Unique are the movements and sounds they use to communicate and interact with the world they find themselves in. Wabayackets have a language all their own that only they can fully comprehend. Though many have tried in vain to communicate with them, complete understanding of their language is a task that has proven difficult if not impossible.
The feeding of Wabayackets has baffled and confounded people for decades. Whereas their nutriment requirements remain constant, their likes and dislikes in food choice seem to change almost daily. It’s well documented they will eat anything placed in front of them one day, and the very next, not want to eat anything at all. And one doesn’t soon forget the sound of wailing from an exasperated and hungry Wabayacket.
Here is the last, and first, word about Wabayackets. Taking credit for the origin of this story would be plagiarism. That credit goes to Little One (age 3), and Sweet Caroline (age 2), our granddaughters.

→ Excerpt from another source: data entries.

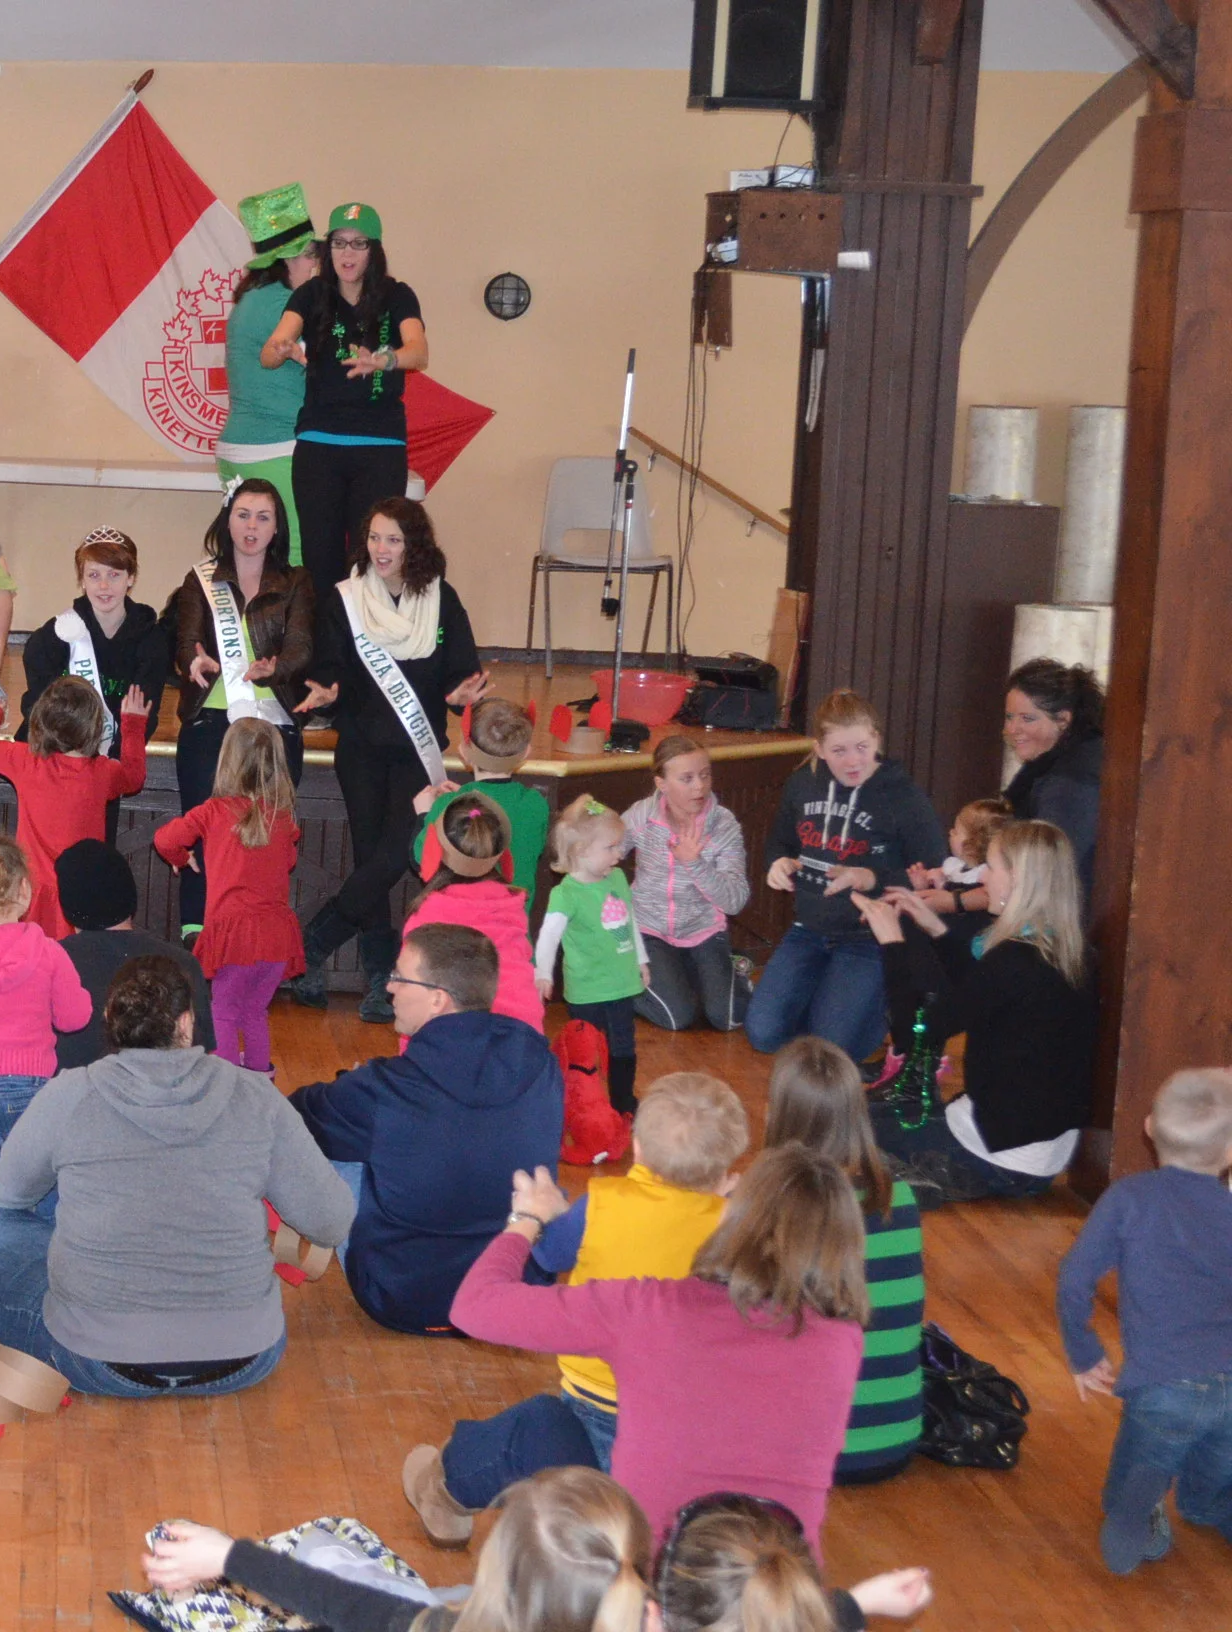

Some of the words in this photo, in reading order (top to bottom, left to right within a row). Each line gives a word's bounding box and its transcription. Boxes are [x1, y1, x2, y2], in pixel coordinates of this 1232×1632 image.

[148, 387, 217, 451] KINETTE
[169, 359, 229, 427] KINSME
[211, 588, 242, 658] HORTONS
[355, 633, 393, 678] PIZZA
[387, 680, 433, 749] DELIGHT
[798, 821, 869, 860] Gaage

A cold and windy day last Saturday, I wanted to make sure they were dressed warmly before going outside to play. While sitting down with them, I held out a sweater and jacket to let them pick which one they would like to wear. “Do you want to wear a sweater or jacket? Want a sweater or want a jacket?”
That’s when they both answered clearly, “Wabayacket.”
With jackets donned and zipped, I pulled their hoods with fuzzy white trim and matching ears over their heads. The two girls walked hand and hand out to the playground, all the way talking in a language only they fully understand.
As I watched, I realized, they were in a world of their own. A world they will soon outgrow — the wonderful world of Wabayackets.